If Hillary Clinton didn’t intend to evade the torture question (as her handlers and her friends in the blogosphere insist) there are two things she can do about it:
1. Issue a simple statement: “When I’m President, there will be no waterboarding, no cold room, no sensory deprivation, no ‘long time standing,’ and no renditions.”
2. File, and ask for hearings on, a bill for the relief of Khaled al-Masri.
Unless she does one of those things, those of us for whom torture is a deal-breaker will have to conclude that her ambiguity was and is deliberate, either because she thinks it would be bad general-election strategy to be too far out there on behalf of human decency or because she’s not ready to limit her Presidential options with respect to the maltreatment of captives.
Update The Obama campaign decided to go after HRC on this, giving her campaign a chance to disambiguate as suggested above. No such luck. Instead, all we got was this rather Rovian let’s-change-the-subjec-to-an-attack-on-the-critic:
It’s unfortunate that Barack Obama is abandoning the politics of hope as his campaign stagnates and is launching false attacks on other Democrats instead. Senator Clinton explicitly stated that we “have to draw a bright line” against torture and “abide by the Geneva conventions.” Senator Obama’s attacks won’t bring change to America, but Senator Clinton’s strength and experience will.

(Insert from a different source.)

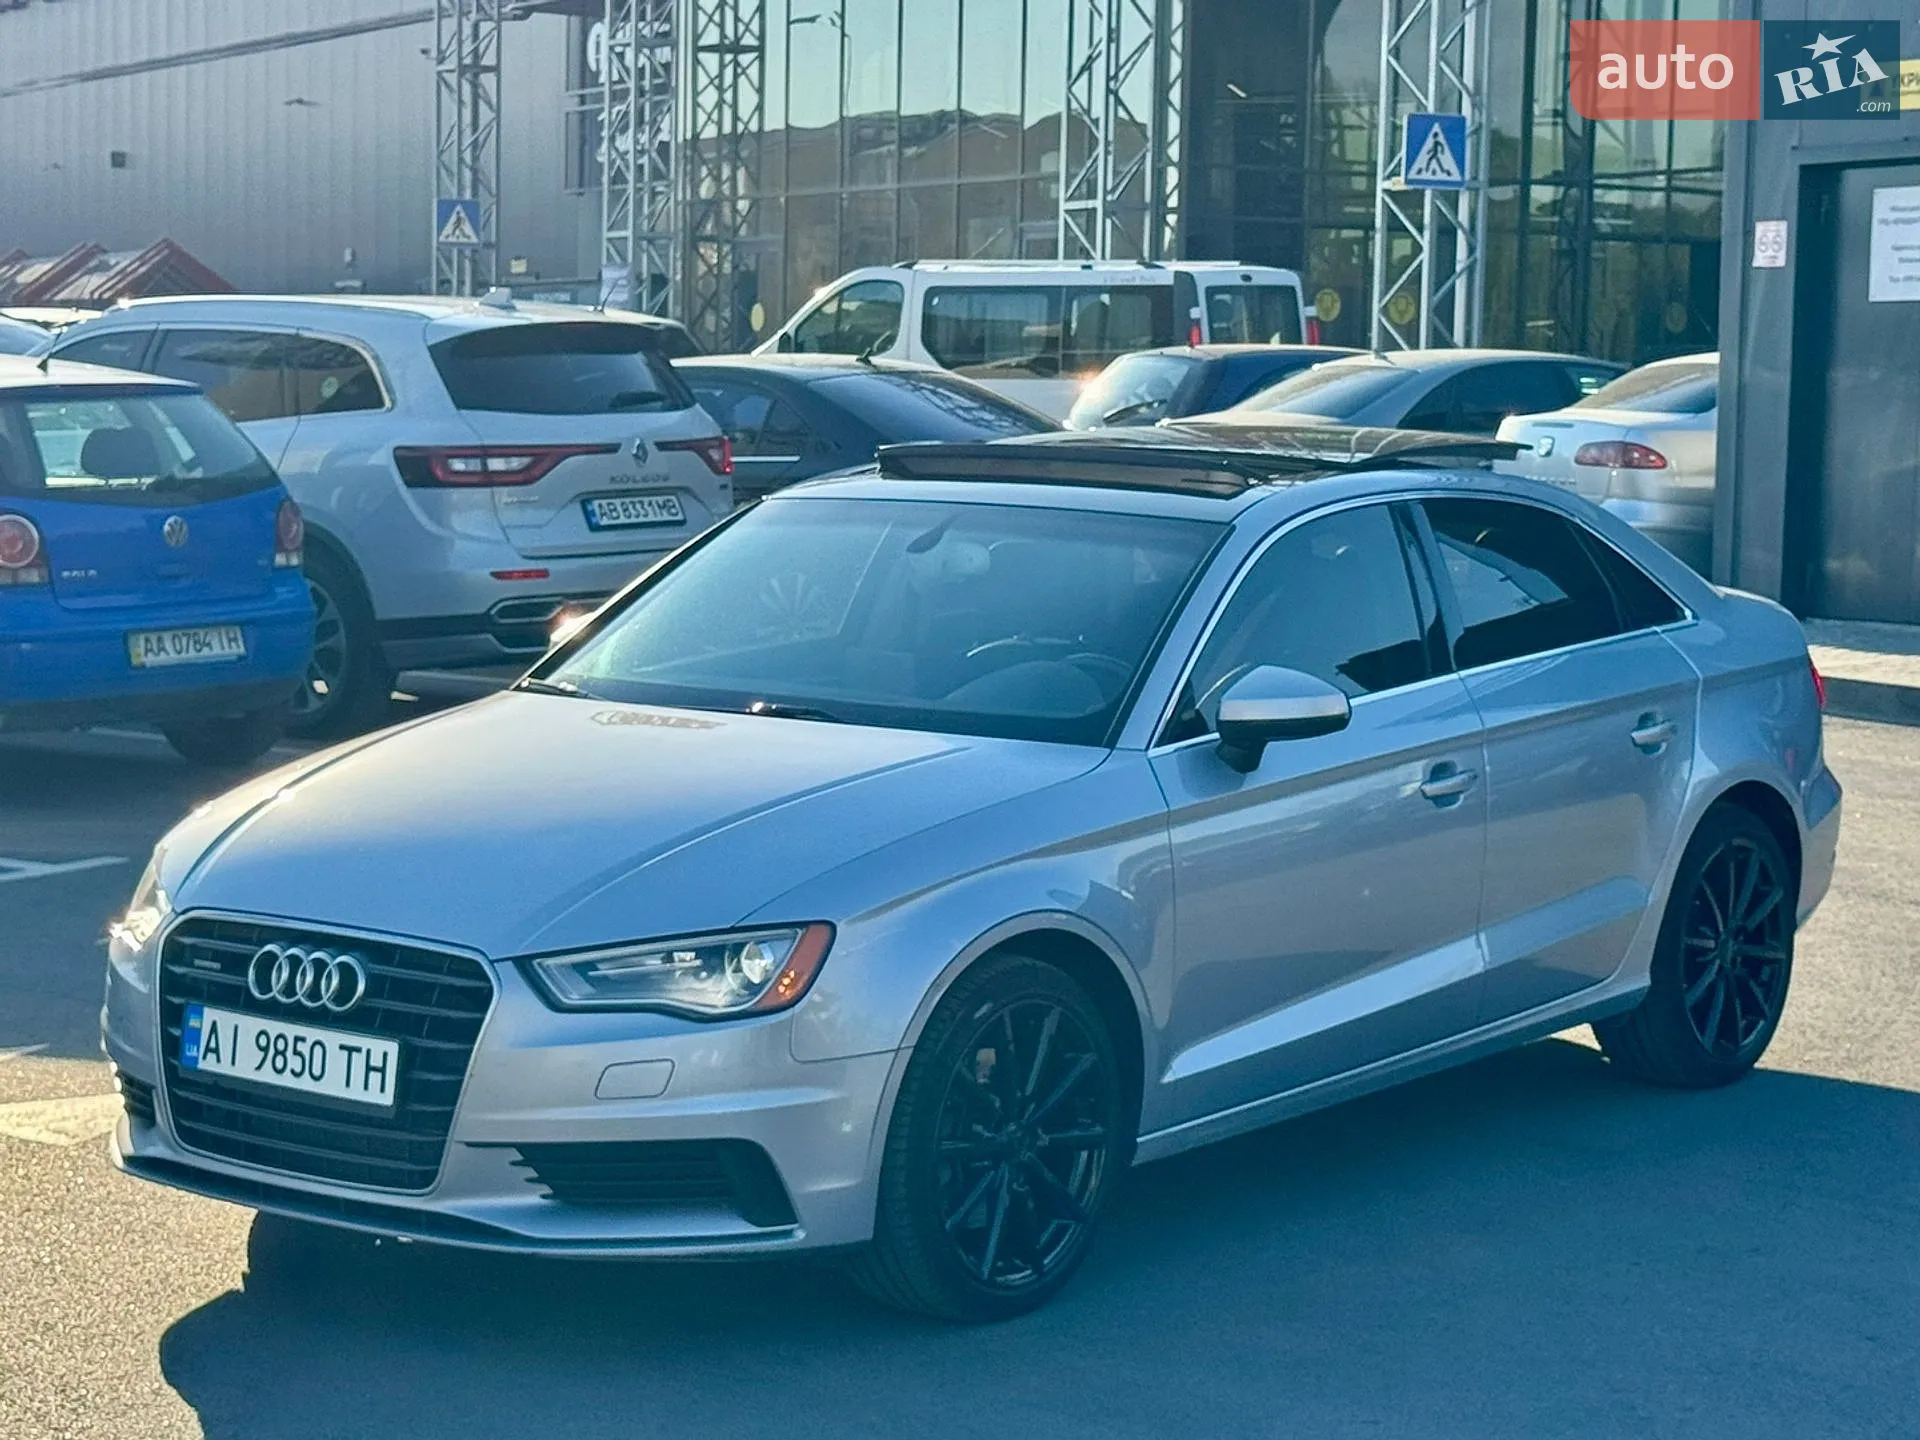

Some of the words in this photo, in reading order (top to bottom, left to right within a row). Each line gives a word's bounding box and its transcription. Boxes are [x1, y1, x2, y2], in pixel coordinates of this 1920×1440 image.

I sent a polite note to Peter Daou, HRC’s director of on-line communications (heard from on this issue by both Kevin Drum and Greg Sargent) a polite note with links to this post and the previous post and a promise to print any response verbatim. The rest (so far) is silence.
Whether or not HRC was deliberately ambiguous in her comments to the WaPo, it seems to me that her campaign is deliberately maintaining the ambiguity she created. Waterboarding, the cold room, “long time standing,” sensory deprivation, renditions, “disappearances” into secret prisons: these are simple, concrete issues. Where does Her Inevitability stand?